Много лет назад, рассказывала она, в деревне С. жил страдающий от безнадежной любви кузнец. Много лет любил он местную незамужнюю женщину, но был застенчивым, как большинство кузнецов. Женщина, которая перебивалась изготовлением на продажу конфет, также чувствовала себя одинокой и отчаянно хотела найти себе мужа, но тоже была слишком скромной и гордой, чтобы искать мужчину. С годами отчаяние девушки росло, как и невысказанная страсть кузнеца.
Однажды девушка зашла в церковь и бросилась на колени. «О, Боже! — молила она, — пожалуйста, позаботься обо мне, пошли мне мужчину, чтобы я вышла замуж!»

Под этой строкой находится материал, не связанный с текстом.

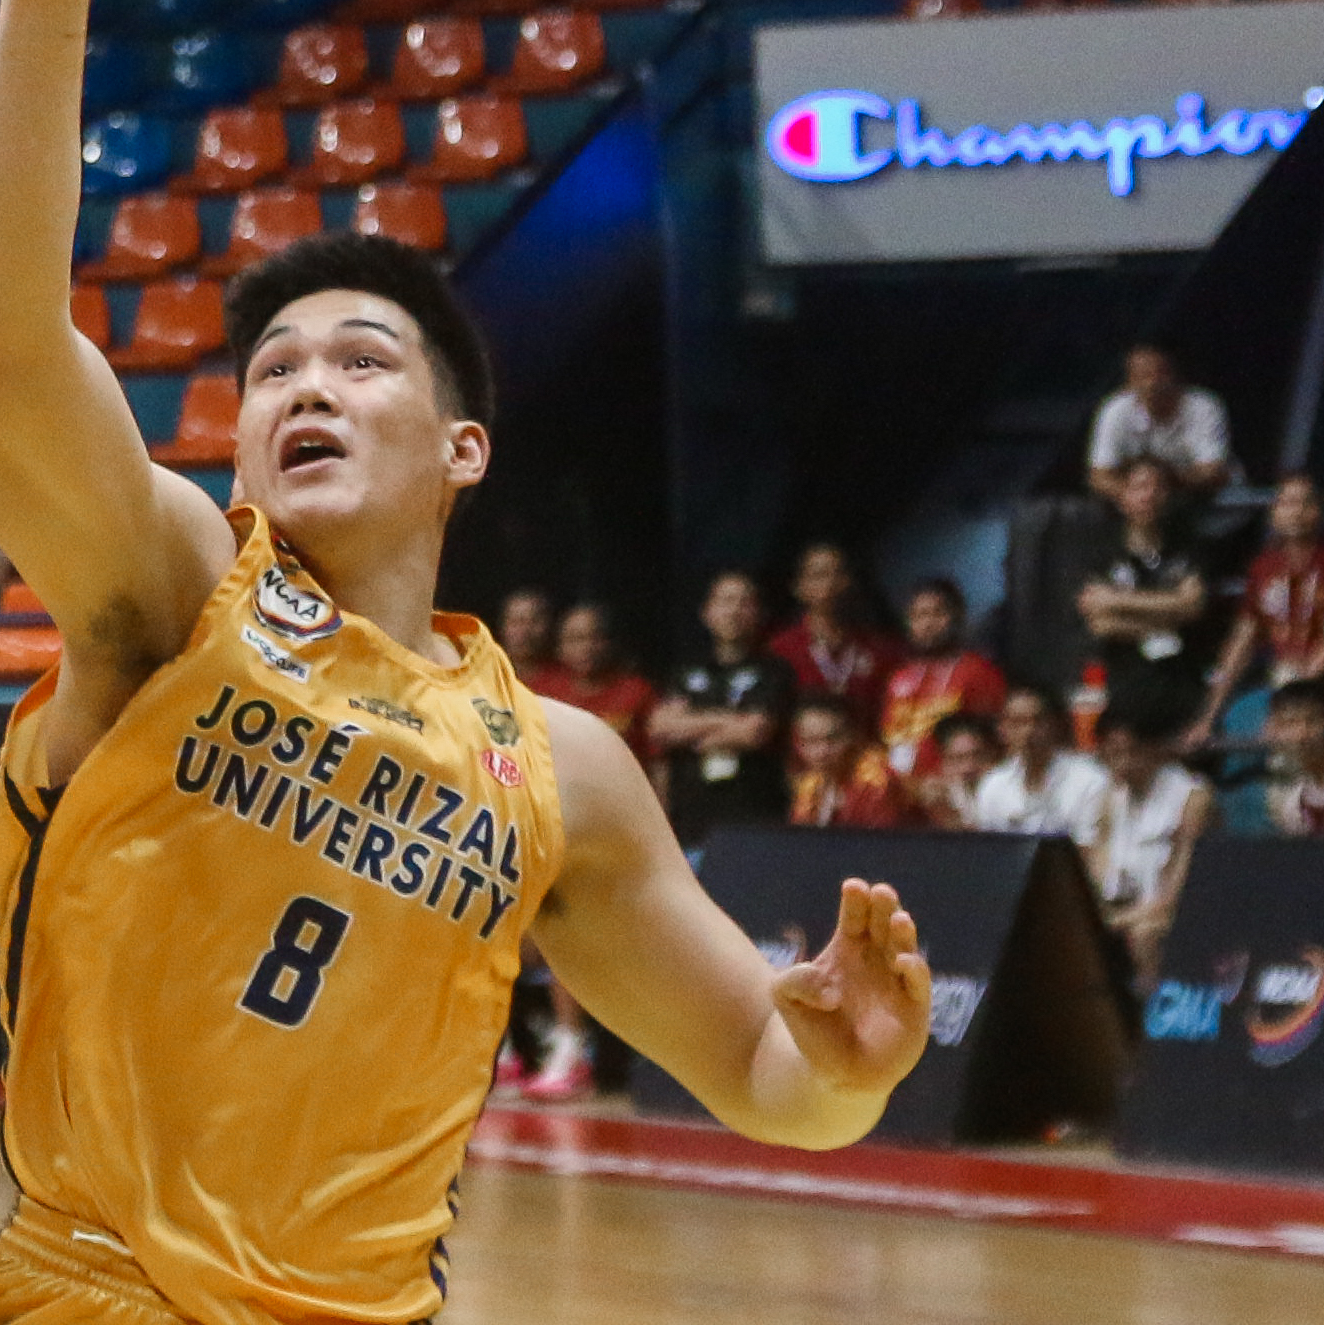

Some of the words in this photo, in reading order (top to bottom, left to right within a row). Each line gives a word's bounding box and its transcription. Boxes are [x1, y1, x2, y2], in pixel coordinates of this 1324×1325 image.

Случайно кузнец в это время находился на колокольне, где чинил старые церковные часы. Каждое трепетное слово девушки ясно доходило туда, где он находился. Когда он услышал ее молитву «Пожалуйста, пошли мне мужа!», он чуть не свалился с крыши от возбуждения. Но он взял себя в руки, обратил свой голос в глас Всемогущего и рявкнул: «Кузнец подойдет?»
— Есть ли человек лучше, чем он, дорогой Боже! — заплакала благодарная девушка.
При этом кузнец помчался домой, оделся в лучшее платье и встретил девушку при выходе из церкви. Он сделал ей предложение, и они поженились, и жили в довольстве, используя его горн, чтобы варить конфеты.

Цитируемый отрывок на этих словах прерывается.